BEST OF THE BADMEN is the title of a 1951 RKO Western film starring Robert Ryan and a whole herd of the character actors who are the subject of the book under consideration here. Bob Nareau and Bobby Copeland have obviously spent a good deal of time striving to dig up biographical information on around 300 (!) often very obscure actors who worked in films from about 1929 to the early 1950s, and at times could still be seen in many filmed 30-minute Western TV series broadcast from 1956 on to the mid to late 1970s. Some of these actors, in consequence, had movie careers that spanned 50 years! As I understand the division of labor, the actual text was mainly written by Boyd Magers, who also supplied the many stills.
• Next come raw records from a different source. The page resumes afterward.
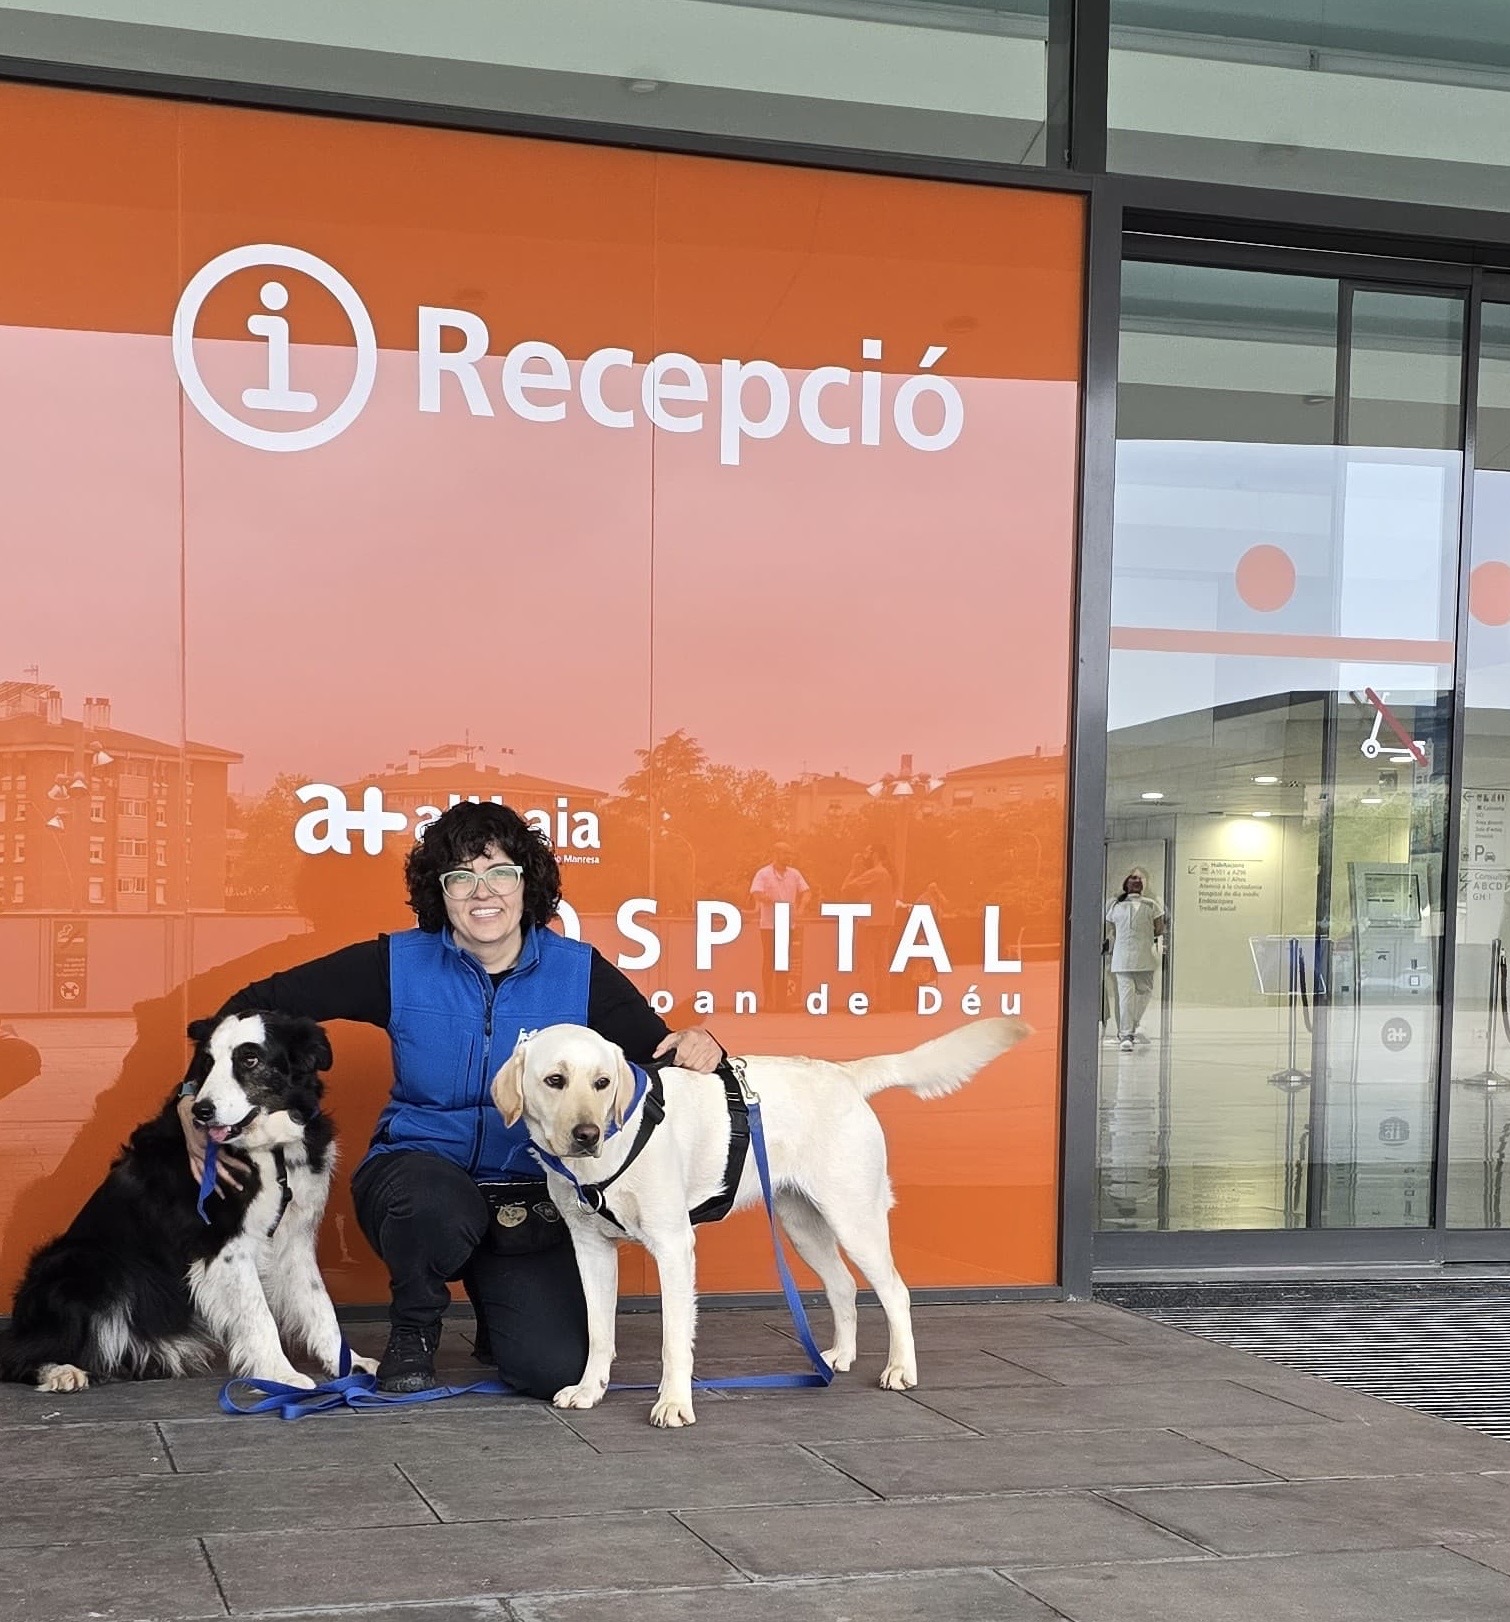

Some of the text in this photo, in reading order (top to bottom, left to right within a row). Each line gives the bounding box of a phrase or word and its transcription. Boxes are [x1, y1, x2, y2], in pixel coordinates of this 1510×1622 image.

[417, 305, 965, 466] Recepció
[414, 794, 601, 850] aaia
[563, 854, 600, 864] Manresa
[1474, 845, 1485, 861] P
[649, 982, 1022, 1016] oan de Déu
The actors generally form two groups, with some overlaps. There are the actors who began in films in the silent era, often playing lead roles, then shifted to character parts when talkies came in, typically vanishing in the late 1940s, and then there are the actors who began in films after WW II and made a fairly smooth transition to TV Westerns, vanishing only when the Western series also vanished from network TV. Problems with alcohol, other self-destructive behavior, and various personal tragedies, befell many of them. Life-spans as short as 40 or 50 years were not too unusual. And as you can surmise from the title, all of these actors made some mark playing "the bad guy," usually in B-western films. There are actually three categories of bad guy in the B-western. There's the "brains heavy" or "dress heavy," who wears a suit and often a pencil mustache. He's the banker or lawyer or mayor or crooked sheriff or wealthy rancher who has evil designs on the hero and heroine. There's the "non-com heavy," who takes his orders from the dress heavy, and there's his gang, a gaggle of five or ten "dog heavies" who do the dirty work. Even a fairly low budget B-western thus offered parts to up to a dozen character actors who could project or personify villainy.
So what you are getting here is usually short (often three or so paragraph) biographies of each of these generally unsung actors, and also for each, a short list of films, a "suggested sampling" of their heavy roles. If that's what you want and expect, you'll get it and consider your circa $40 well spent.
However, the book has some defects, and with due respect, I haven't seen such problems previously in the books or articles I have seen by any one of the three authors working solo. Have too many cooks spoiled the broth? I won't try to guess, but here are the problems that will annoy many potential readers to a greater or lesser degree.
(1) Poor photos. Poor photo reproduction is a problem with quite a few Empire Publishing efforts I have seen, but it's worse here than usual. Photos tend to be washed-out, fuzzed-out contrastless arrays of blobs. Example: on facing pages 214-215, good old Kermit Maynard has one eye and one nostril but the rest of his facial features must be guessed at, and Lew Meehan has only a hint of a mustache and a hint of a lipline, nothing else. Since many potential readers of the book will not know the actor's name and try to recognize him from his photo, the photo choices often present a real obstacle. I would never recognize Robert Wilke from the snapshot of him on p. 307.
(2) Odd omissions. For example, the entry on Robert Barrat completely omits any discussion of his B-western career, though that is the whole point of having an entry for him. It simply jumps right from the point where he makes his first Western, directly to his death 35 years later.
(3) Not written in english. A far-too-typical sentence, from p. 133: "Taken out of school at 15, the family covered the East Coast racing circuits." Almost every third or fourth sentence in the book has this structure, and very frequently it is a structure that is completely broken, a total grammatical trainwreck. Too often the break is not just annoying, but actually confusing, as terrible grammar generally is. For example, on p. 73, "Born July 29, 1888, in Minneapolis, Minnesota, his father, James Chesebro, was from Connecticut and his mother, Margaret Grant, was a native of Kentucky." It was the subject of the entry, George Chesebro, who was born in 1888, not his father!
I also encountered some really confusing misprints or suspect arithmetic. For example James Coburn was "born 1928" but "at 60, in 1978," was felled by arthritis. Numbers are also a problem when the authors casually refer to a given actor as "one of the five best," or "one of the ten best" screen heavies... with usually no hint whatsoever as to who were the other four, or other nine! On a personal note I was surprised to find actors who stood 6' 2" and weighed 190 pounds described as "hulking brutes." Things must have changed a bit because I stand 6' 2" and weigh about 190 pounds and I look like good old Wally Cox!
On this same page you should also find the standard non-review by "Mr. Jim," which just transcribes the table of contents and dust jacket or cover blurbs, and moves on to the next item, just as do all of his other 1,500 (or whatever the total is now) "reviews," so I won't need to get into that.